Item
1.01 Entry into a Material Definitive Agreement.
On January 29, 2021, AIkido
Pharma, Inc. (the “Company”) purchased an 8% convertible promissory note (“Convertible Note”) issued by
Convergent Therapeutics, Inc. (“Convergent”) with a principal amount of $2 million pursuant to a Note Purchase Agreement
with Convergent. The Company paid a purchase price for the Convertible Note of $2 million. The Company will receive interest on
the Convertible Note at the rate of 8% per annum payable upon conversion or maturity of the Convertible Note.

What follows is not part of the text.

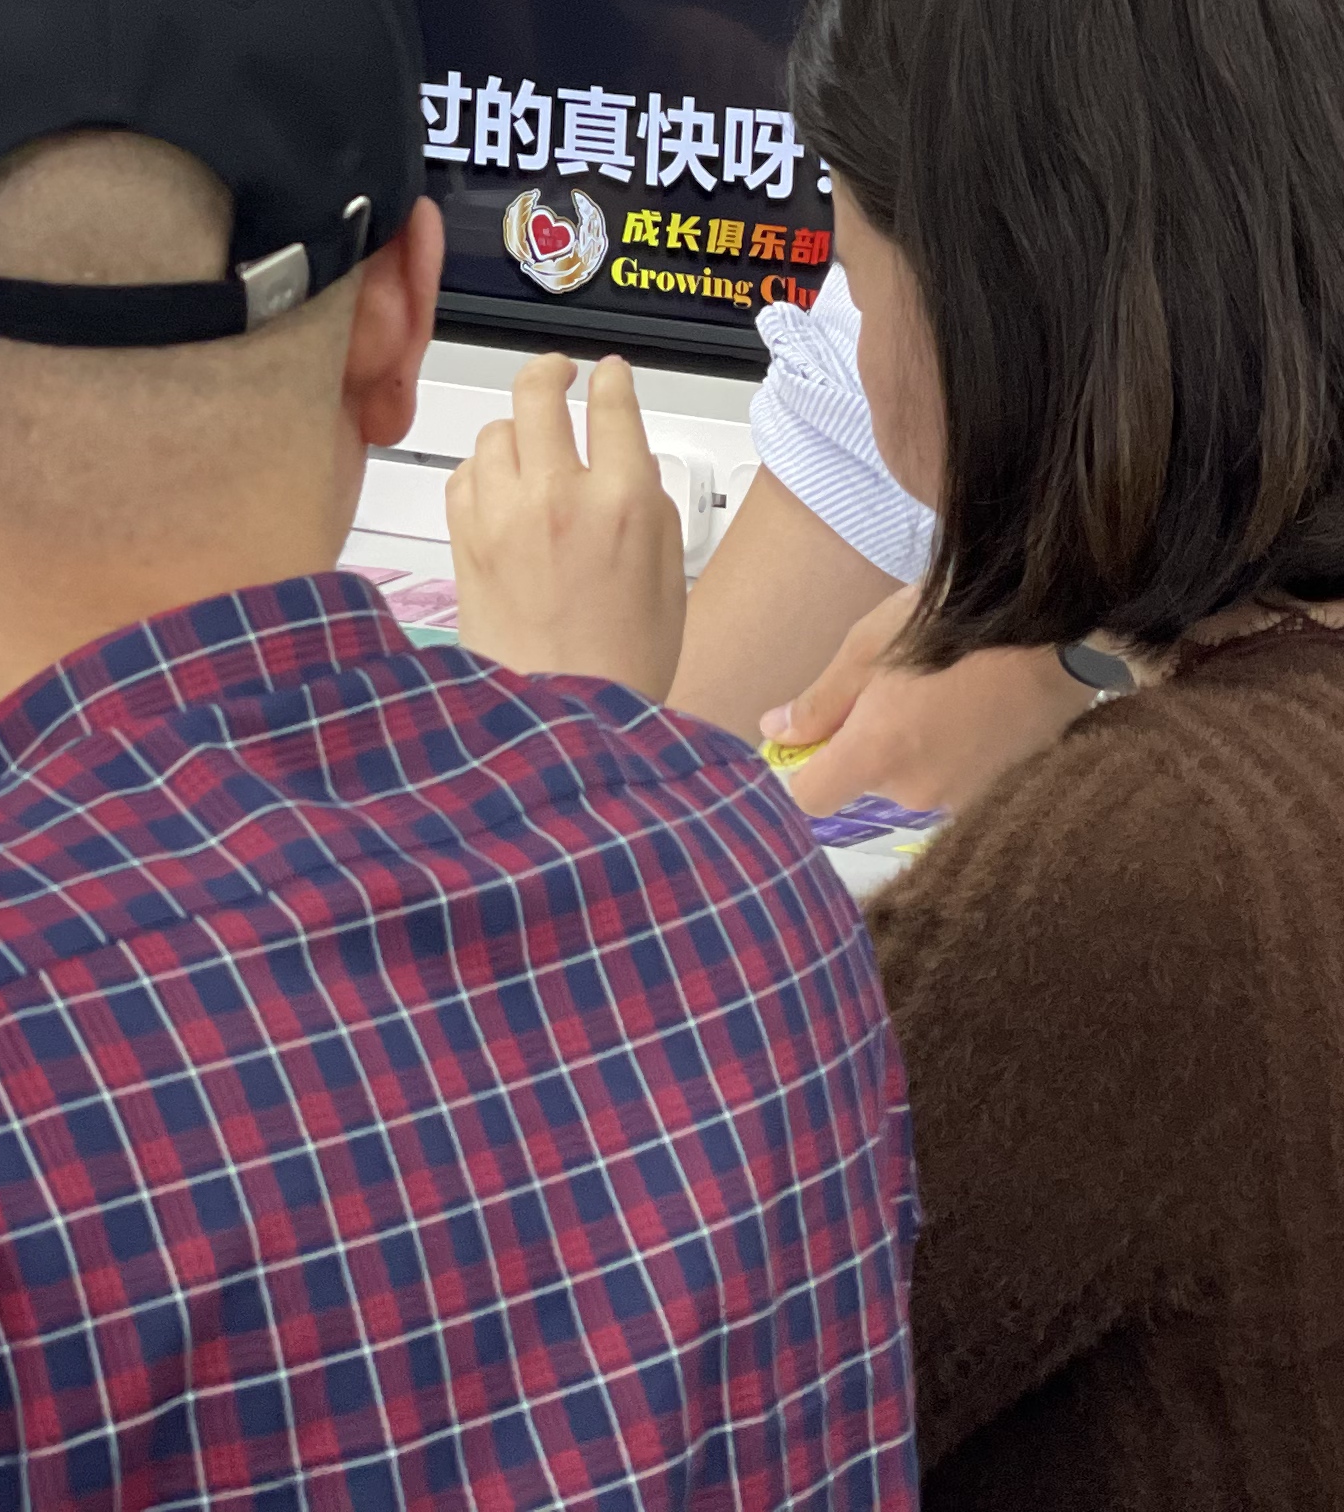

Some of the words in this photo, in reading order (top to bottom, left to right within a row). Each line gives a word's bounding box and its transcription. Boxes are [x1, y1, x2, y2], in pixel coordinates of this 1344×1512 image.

[622, 208, 833, 266] 成长俱乐部
[611, 256, 754, 309] Growing

The Convertible Note matures
after January 28, 2023 upon demand of a majority of the holders of the Convertible Notes. Prior to maturity, in the event that
Convergent undertakes a Qualified Financing (as defined in the Convertible Note), the Promissory Note will automatically convert
into the securities offered in the Qualified Offering (anticipated to be preferred equity) but at a conversion rate equal to the
lesser of 80% of the price paid by other investors for such securities in the Qualified Offering and the conversion rate determined
by dividing the outstanding principal of the Promissory Note by the number of shares of Convergent outstanding on a fully diluted
basis immediately prior to such Dilutive Issuance (the latter, the “Capped Conversion Ratio”). Additionally, in the
event of a change of control of Convergent the Company will have the right to accelerate the payment obligations under the Promissory
Note or convert into equity of Convergent at the Capped Conversion Ratio.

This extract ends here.